'''

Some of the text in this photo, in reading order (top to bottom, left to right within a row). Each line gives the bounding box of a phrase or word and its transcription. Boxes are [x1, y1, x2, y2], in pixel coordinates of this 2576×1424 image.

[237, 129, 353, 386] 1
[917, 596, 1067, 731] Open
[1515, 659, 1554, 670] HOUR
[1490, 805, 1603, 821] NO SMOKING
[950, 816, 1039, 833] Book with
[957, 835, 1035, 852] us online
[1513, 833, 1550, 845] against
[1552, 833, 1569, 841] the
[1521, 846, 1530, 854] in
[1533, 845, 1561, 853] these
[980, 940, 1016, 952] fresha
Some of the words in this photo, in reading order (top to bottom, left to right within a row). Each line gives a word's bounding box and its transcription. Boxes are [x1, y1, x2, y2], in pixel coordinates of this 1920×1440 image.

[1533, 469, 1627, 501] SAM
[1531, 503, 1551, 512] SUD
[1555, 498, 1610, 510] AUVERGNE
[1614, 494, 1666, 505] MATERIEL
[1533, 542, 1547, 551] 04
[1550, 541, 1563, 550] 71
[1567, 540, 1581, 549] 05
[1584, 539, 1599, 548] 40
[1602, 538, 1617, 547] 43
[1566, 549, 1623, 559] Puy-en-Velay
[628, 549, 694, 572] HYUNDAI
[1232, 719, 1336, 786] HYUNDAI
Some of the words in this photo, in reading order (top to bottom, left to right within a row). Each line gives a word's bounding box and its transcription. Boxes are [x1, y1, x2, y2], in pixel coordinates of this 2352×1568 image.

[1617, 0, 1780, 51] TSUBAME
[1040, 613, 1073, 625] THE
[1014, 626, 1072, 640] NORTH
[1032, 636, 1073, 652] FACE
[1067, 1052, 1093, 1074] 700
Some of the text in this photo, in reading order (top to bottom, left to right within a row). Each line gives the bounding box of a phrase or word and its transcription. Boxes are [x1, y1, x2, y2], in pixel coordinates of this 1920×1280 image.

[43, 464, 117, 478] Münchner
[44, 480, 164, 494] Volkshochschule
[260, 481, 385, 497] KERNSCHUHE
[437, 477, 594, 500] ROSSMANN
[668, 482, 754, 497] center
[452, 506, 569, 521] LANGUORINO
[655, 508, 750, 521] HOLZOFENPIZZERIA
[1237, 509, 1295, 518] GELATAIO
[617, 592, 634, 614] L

'''

Return the line that contains "this 2352×1568 image.", along with every line after it in the data above, exactly and with nothing else.

Some of the words in this photo, in reading order (top to bottom, left to right within a row). Each line gives a word's bounding box and its transcription. Boxes are [x1, y1, x2, y2], in pixel coordinates of this 2352×1568 image.

[1617, 0, 1780, 51] TSUBAME
[1040, 613, 1073, 625] THE
[1014, 626, 1072, 640] NORTH
[1032, 636, 1073, 652] FACE
[1067, 1052, 1093, 1074] 700
Some of the text in this photo, in reading order (top to bottom, left to right within a row). Each line gives the bounding box of a phrase or word and its transcription. Boxes are [x1, y1, x2, y2], in pixel coordinates of this 1920×1280 image.

[43, 464, 117, 478] Münchner
[44, 480, 164, 494] Volkshochschule
[260, 481, 385, 497] KERNSCHUHE
[437, 477, 594, 500] ROSSMANN
[668, 482, 754, 497] center
[452, 506, 569, 521] LANGUORINO
[655, 508, 750, 521] HOLZOFENPIZZERIA
[1237, 509, 1295, 518] GELATAIO
[617, 592, 634, 614] L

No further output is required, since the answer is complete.